The rafter ring design in this article consists of two layers of ½ or 5/8 inch oriented strand board (or plywood, if OSB is unavailable) and a collage of two-by-four blocks.  Other materials needed include a pound and a half of 3 ½ construction or deck screws, a pound of 1 ¾ inch construction screws, enough 3 ¼ inch framing nails to allow for four nails per block, and a quart of carpenters glue or three tubes of construction adhesive.

Begin by cutting a four by eight sheet of OSB into four-by-four pieces.  Scribe a circle four feet in diameter in the first piece, and a circle three inches smaller in the second.  These will form the upper and lower  layers of the “sandwich” ring. 

Cut as many four to six inch lengths of 2 by 4 as you will have truss chords.  Lay out the pieces around the perimeter of the larger OSB circle, equidistant apart, with the pieces pointing toward the exact centre of the ring.  Mark the location of each piece.  Apply a layer of carpenter’s glue to each piece, and re-secure them in the spots as marked.  Once they have dried sufficiently, turn the assembly over and secure the pieces using two 1 ¾ inch screws per block. 

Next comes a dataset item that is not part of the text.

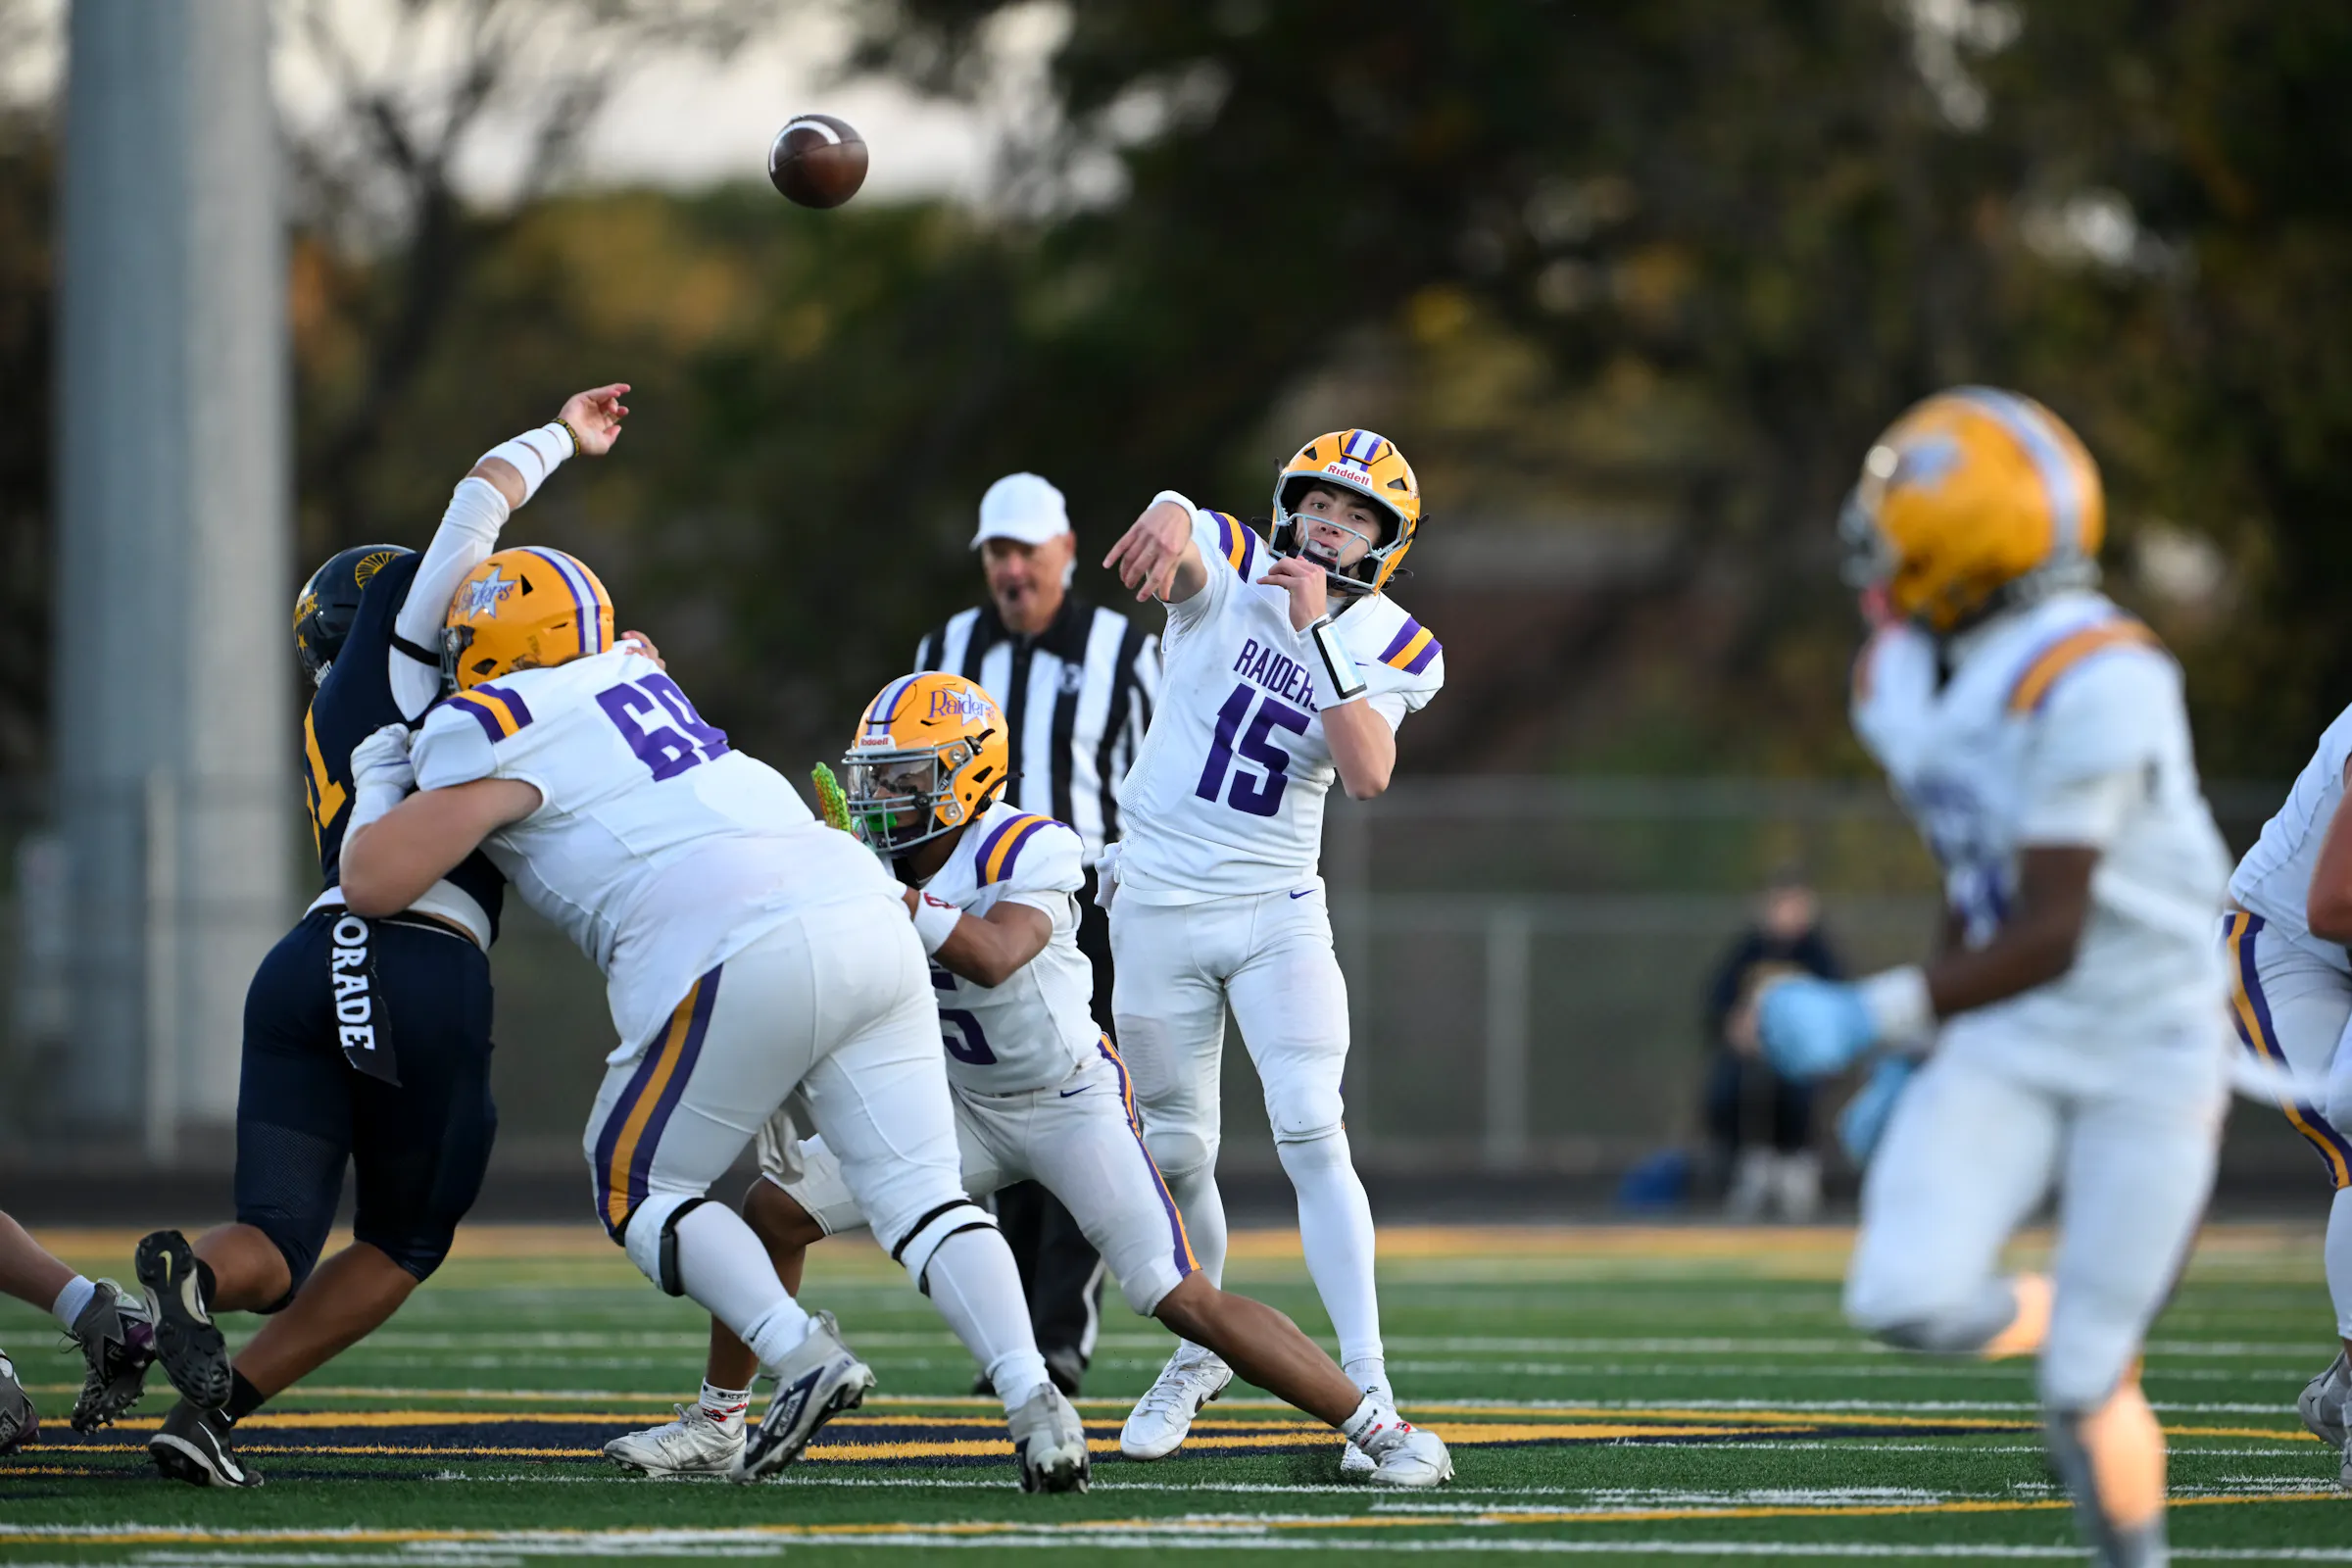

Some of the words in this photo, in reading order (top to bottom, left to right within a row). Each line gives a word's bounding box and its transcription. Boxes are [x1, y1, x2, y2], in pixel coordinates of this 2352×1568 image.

Measure the distance between each block at the inner edge.  Cut pieces of 2 by four that will fit accurately between each 4-6 inch piece.  Do not worry too much about angling the cut edges precisely, as these pieces simply act as stabilizers for the main blocks.  Apply glue to the long edges of these blocks, slide them into place between each 4-6 inch block and secure them using 3 ¼ inch screws, toenail angled into place.  Use one nail per longer block to nail the spacers into place.

Turn the assembly over again, apply glue to the exposed edge of all of the blocks, and attach the second ring, with its centre aligning exactly with the centre of the larger ring.  Use two screws per block, as in the prior side of the sandwich.  Turn the assembly over once again, and screw in two screws per spacer block.

This rafter ring is much lighter than the laminated version described in prior articles, and is much easier to raise into place.  With the smaller ring on the lower side of this sandwich design, the truss chords, once cut on the proper angle, will slide into the notches quite easily and will hold themselves in place as each truss in installed.  However, the drawback to this design is the tendency for the OSB to expand and weaken if it gets wet, or for the screws to pull through if they are set too deep in the OSB.